因為記得福庫羅屋被布簾上的倒鉤困住,所以艾絲小心的用盾隔開布簾,裡面並不像諾莉棋所描述的幾乎整個房間都是野獸的屍體,大概被拿走了大半,艾絲很仔細的檢查了一遍整個房間,最後安心的鬆了一口氣。
呼!好險!至少龍巫教的人沒有喪心病狂到把安納法他們當作備用食糧!
自己也真是的,就算龍巫教們不是什麼好東西,也不至於吃人吧?怎麼會有這麼可怕的想法呢,艾絲!一邊撥開帶倒鉤的門簾,艾絲臉上帶著笑容,在心中嘿嘿傻笑著,然後在放下簾子後,不禁摀住臉。
嗚嗚……他們就是這麼可怕的邪教!她就是覺得可能會這樣嘛!
此時艾絲注意到,北面其實也有空間,不是單純的死路,只不過接近後,發現一階一階下去的平臺底下傳來了異味,捏住了鼻子,艾絲檢查了一下,那大概是龍巫教的一個垃圾場吧……
大致看了一下,並沒有像是類人生物的東西,所以暫時先不要下去吧……嘆了一口氣,艾絲也不知道沒有在垃圾場中找到失蹤的隊友,到底該高興還是該失落了。

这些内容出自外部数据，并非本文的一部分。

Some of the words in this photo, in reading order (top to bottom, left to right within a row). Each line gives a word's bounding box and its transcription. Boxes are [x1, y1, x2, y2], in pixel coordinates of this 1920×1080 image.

正式邁向未知的區域,艾絲睜大眼,有些緊張的東張西望。
這個空間分為上下兩個平臺,而且還有一些尚未散去的野獸味道,那並不是什麼好聞的氣味;大型的鐵籠子被棄置在這個空間,也不知道究竟關了些什麼?總而言之,這裡也是空蕩蕩的,一點危險也——
「呀!」
腳突然陷了下去,腳底立刻傳來了一股刺痛感,沒想到這裡居然還有陷阱!這個陷阱坑並不致命,艾絲一下就脫離陷阱的位置了,只不過腳底被刺了一下,那感覺特別討厭,而且傷口似乎有點麻麻的,似乎塗了毒?不過矮人不太怕毒就是了。

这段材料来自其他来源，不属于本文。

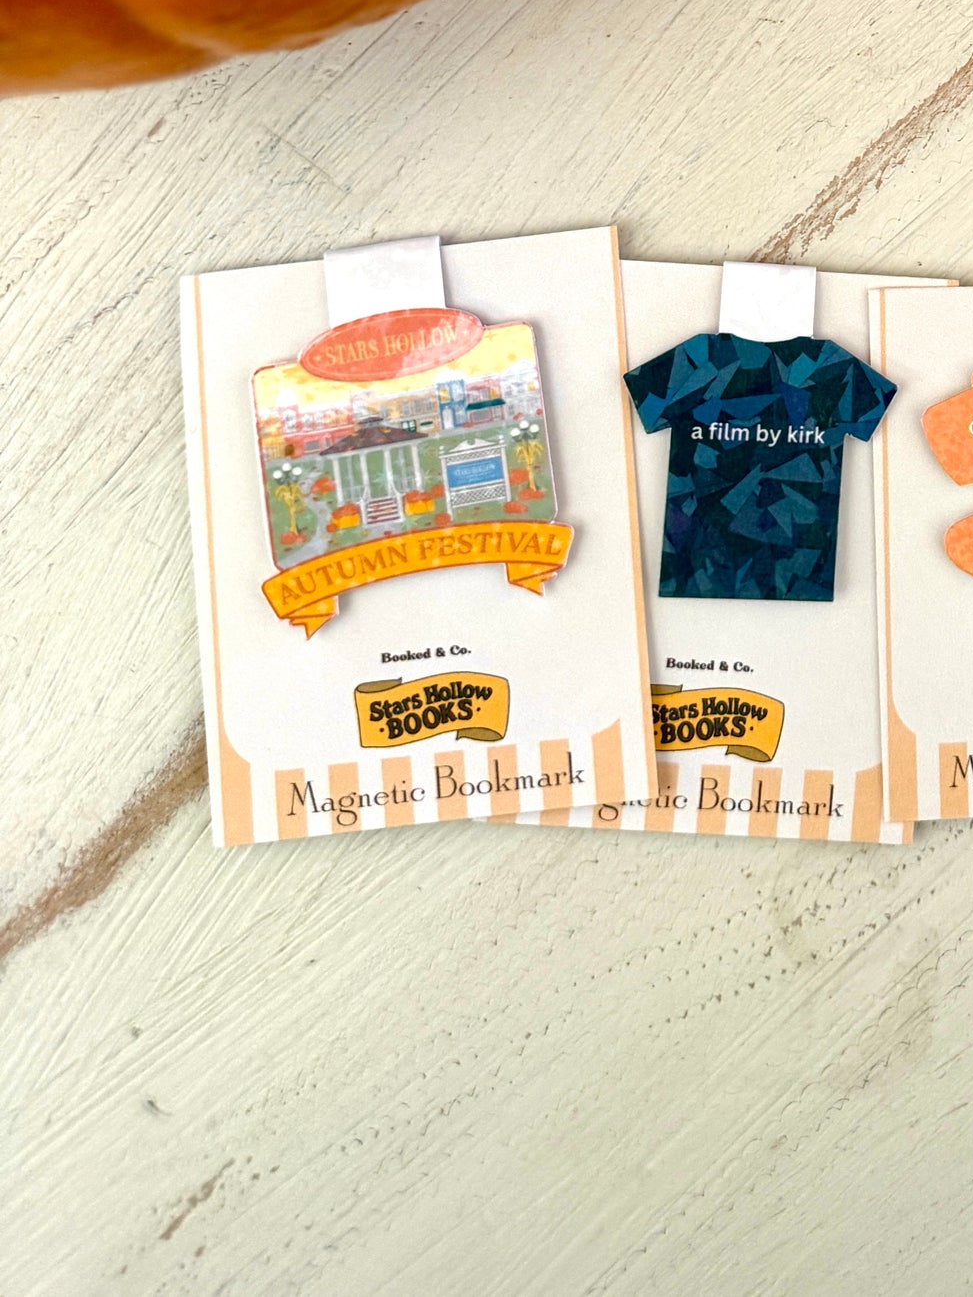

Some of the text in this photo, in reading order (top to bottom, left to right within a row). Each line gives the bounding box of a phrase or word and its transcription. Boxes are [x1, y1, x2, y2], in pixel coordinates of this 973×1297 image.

[325, 324, 457, 366] STARS HOLLOW
[691, 422, 825, 448] a film by kirk
[279, 531, 562, 606] AUTUMN FESTIVAL
[381, 645, 472, 664] Booked & Co.
[665, 657, 754, 672] Booked & Co.
[369, 681, 493, 722] Stars Hollow
[386, 698, 474, 740] BOOKS
[701, 697, 768, 721] Hollow
[660, 716, 747, 744] BOOKS
[287, 753, 585, 826] Magnetic Bookmark
[698, 776, 844, 819] Bookmark

這個房間還連著一個向西南方的路,艾絲一邊注意地上還有沒有這樣煩人的陷阱,一邊走上了那向上的階梯,又來到一個新的空間。這裡有著好幾頂跟在外頭營地一樣的狗頭人搭的破爛帳篷,這裡應該是當時出現的狗頭人增援休息的地方,他們當時跑的可真快啊……
——轟隆隆!
「什麼、什麼東西啊!」
忽然頭上傳來一陣響動,先是一些泥沙和小碎石,階著一顆頗大的石頭敲到了自己的頭,艾絲瞬間意識到什麼,拿起自己的盾抵在頭上,原地蹲下,努力把自己縮在盾牌擋住的小小遮天板底下。
鏘!鏘鏘!
石子不斷落下,在盾牌上敲出了清脆的響聲,其因為高度所增加的力量,讓艾絲抵著盾的雙手有點抖,但不想被這些石子敲得滿頭包的心裡更勝,艾絲堅持著,終於等來了陷阱的結束。
嗚嗚——都走了,就把陷阱拆掉啊!為什麼她一個牧師,現在在做這種試探陷阱的事情啊!好想回家——
這麼想著的艾絲抽了抽鼻子,在原地停留了一會後,還是起身繼續往前方的道路前進了。因為想起平時,安納法總會提前預知到危險,對他們笑嘻嘻的樣子,就算真的要回家,也要找到烏龜爺爺跟希爾達才行!
又走了一段路,來到一個新的空間,這裡看過去,比這個洞窟其他地方都要來的大;牆上整齊的掛著許多油燈,只不過這個洞穴被廢棄的情況下,這些燈理所當然是沒有點燃的。
除此之外,裡頭有好多有著五顆龍頭的雕像,稍微點起光源,讓黑白的世界上了層色彩,艾絲發現這些龍頭還都是不同顏色的,紅、藍、綠、白、黑,正是最常聽見的五種邪惡彩龍。
不遠處還有一個木箱子,上面的鎖也是五龍頭的模樣,艾絲好奇地拿起來,忽然一聲「喀噠」的小聲響,嚇的艾絲手中的木箱子滑落,同時,身邊所有的雕飾都發出了駭人的嘶嘶聲——
「咳、咳咳!這是什麼?好痛!不是毒?」
雕像噴出了大量的液體,被碰觸的地方冒起了煙,就像被火灼燒一般,是強酸嗎?且散發著強烈的氣味,讓每一次呼吸都好痛苦!艾絲摀著口鼻,跌跌撞撞地躲回了來時的通道,痛苦的跪在地上大咳。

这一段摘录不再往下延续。